- Opening Delimiter -

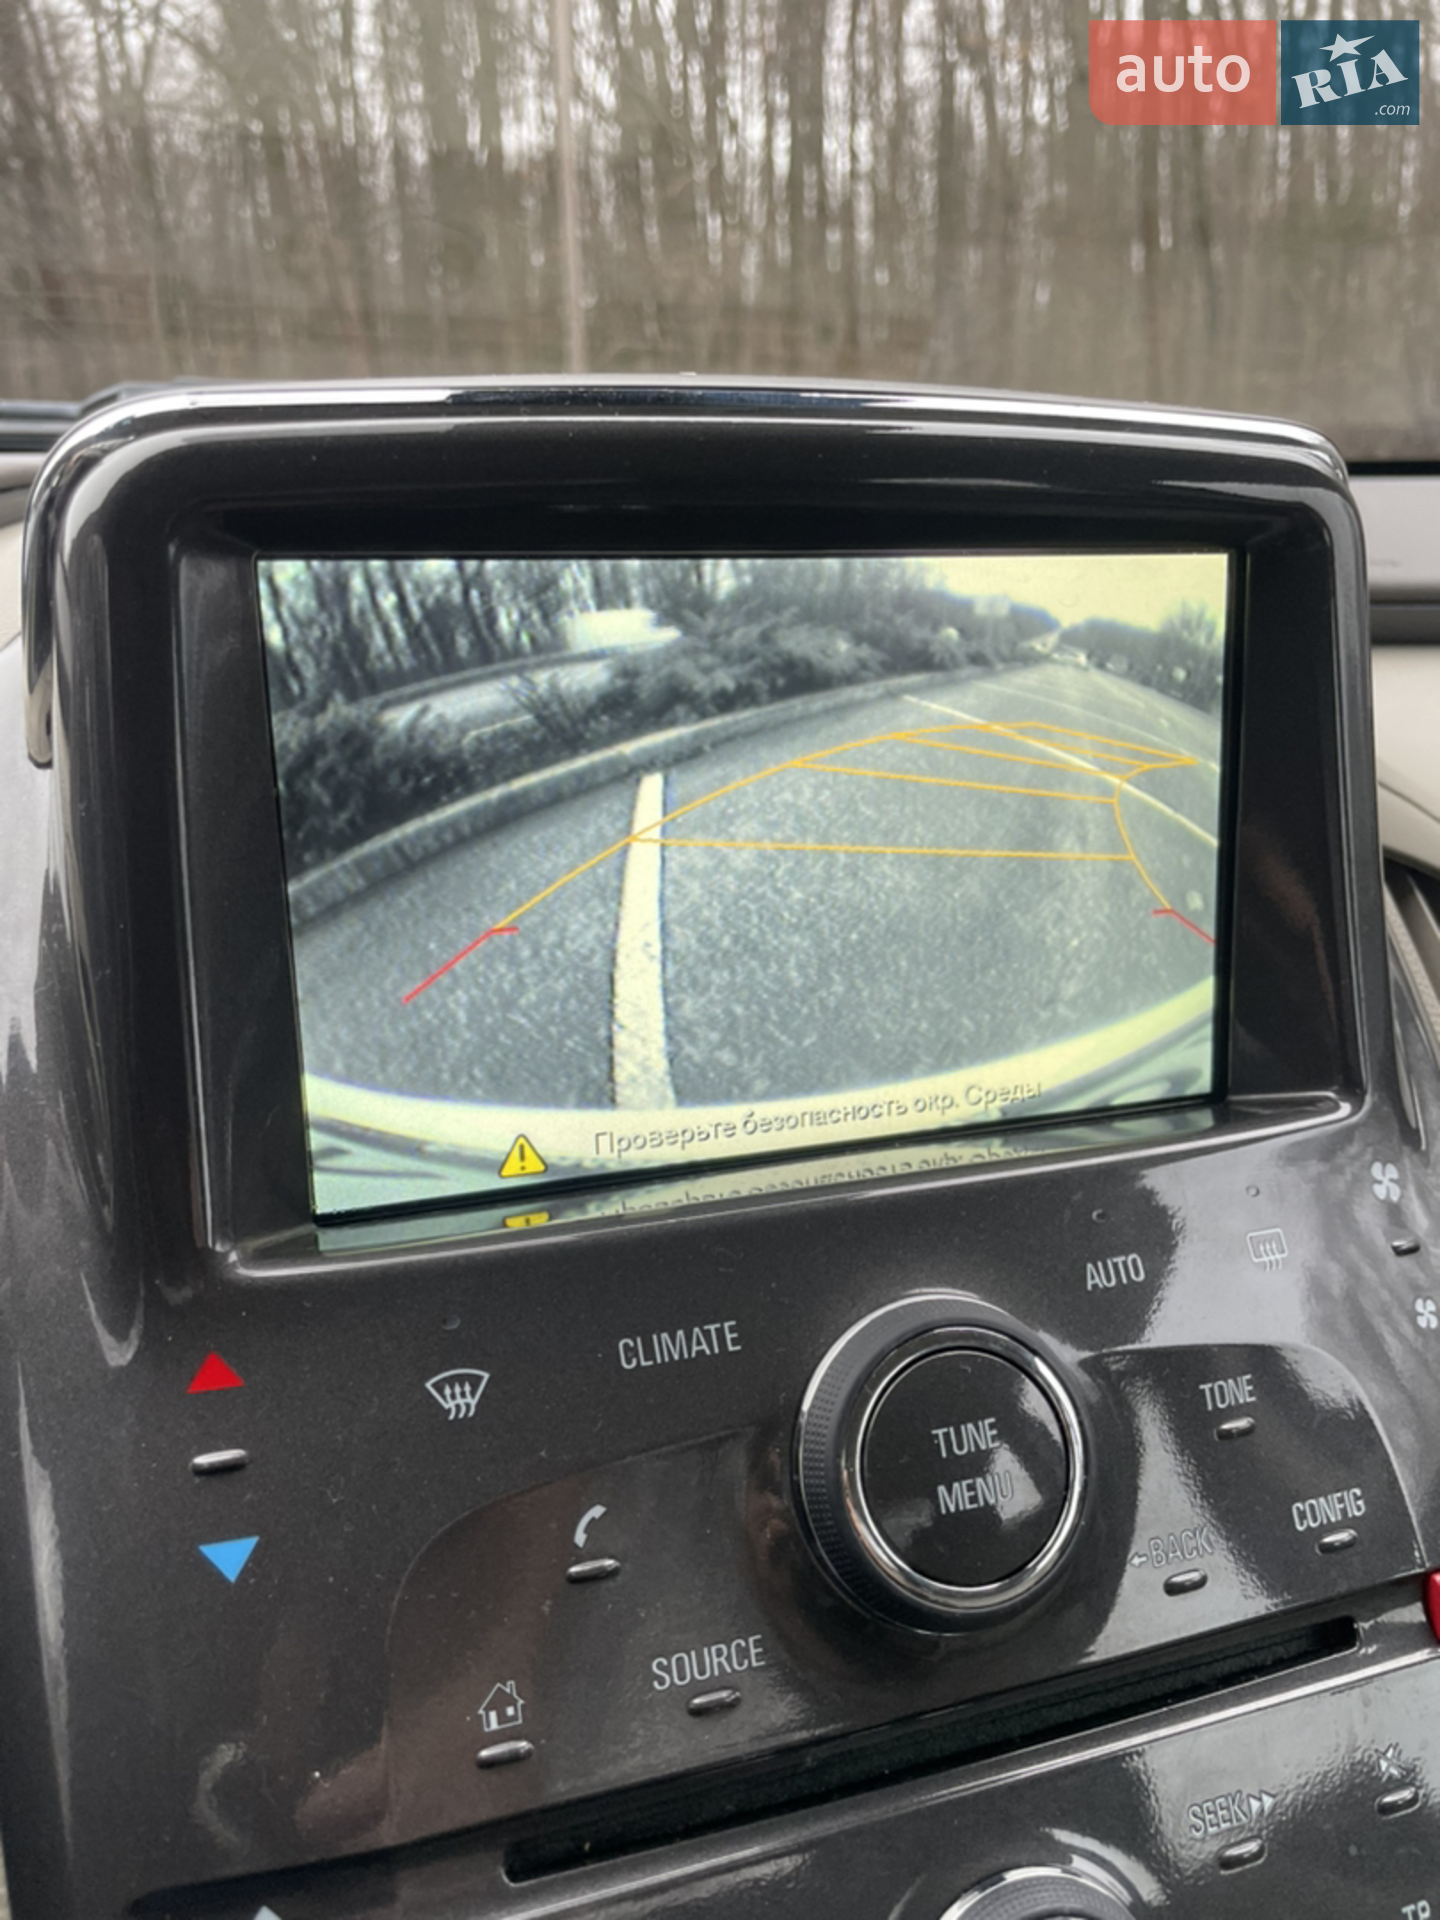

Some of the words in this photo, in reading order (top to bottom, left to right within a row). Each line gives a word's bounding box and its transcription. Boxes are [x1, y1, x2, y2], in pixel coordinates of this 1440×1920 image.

[594, 1120, 737, 1160] Проверьте
[742, 1099, 908, 1136] безопасность
[914, 1092, 959, 1115] окр.
[965, 1082, 1042, 1110] Среды
[1086, 1253, 1145, 1291] AUTO
[618, 1320, 741, 1370] CLIMATE
[1199, 1374, 1256, 1411] TONE
[931, 1417, 999, 1458] TUNE
[937, 1471, 1014, 1515] MENU
[1292, 1488, 1366, 1531] CONFIG
[1149, 1527, 1213, 1568] BACK
[651, 1635, 766, 1690] SOURCE
[1188, 1790, 1248, 1836] SEEK

- Closing Delimiter -

● **Your assignment**
Reproduce each line of the records above, exactly and without pictures.

● **Answer**
Some of the words in this photo, in reading order (top to bottom, left to right within a row). Each line gives a word's bounding box and its transcription. Boxes are [x1, y1, x2, y2], in pixel coordinates of this 1440×1920 image.

[594, 1120, 737, 1160] Проверьте
[742, 1099, 908, 1136] безопасность
[914, 1092, 959, 1115] окр.
[965, 1082, 1042, 1110] Среды
[1086, 1253, 1145, 1291] AUTO
[618, 1320, 741, 1370] CLIMATE
[1199, 1374, 1256, 1411] TONE
[931, 1417, 999, 1458] TUNE
[937, 1471, 1014, 1515] MENU
[1292, 1488, 1366, 1531] CONFIG
[1149, 1527, 1213, 1568] BACK
[651, 1635, 766, 1690] SOURCE
[1188, 1790, 1248, 1836] SEEK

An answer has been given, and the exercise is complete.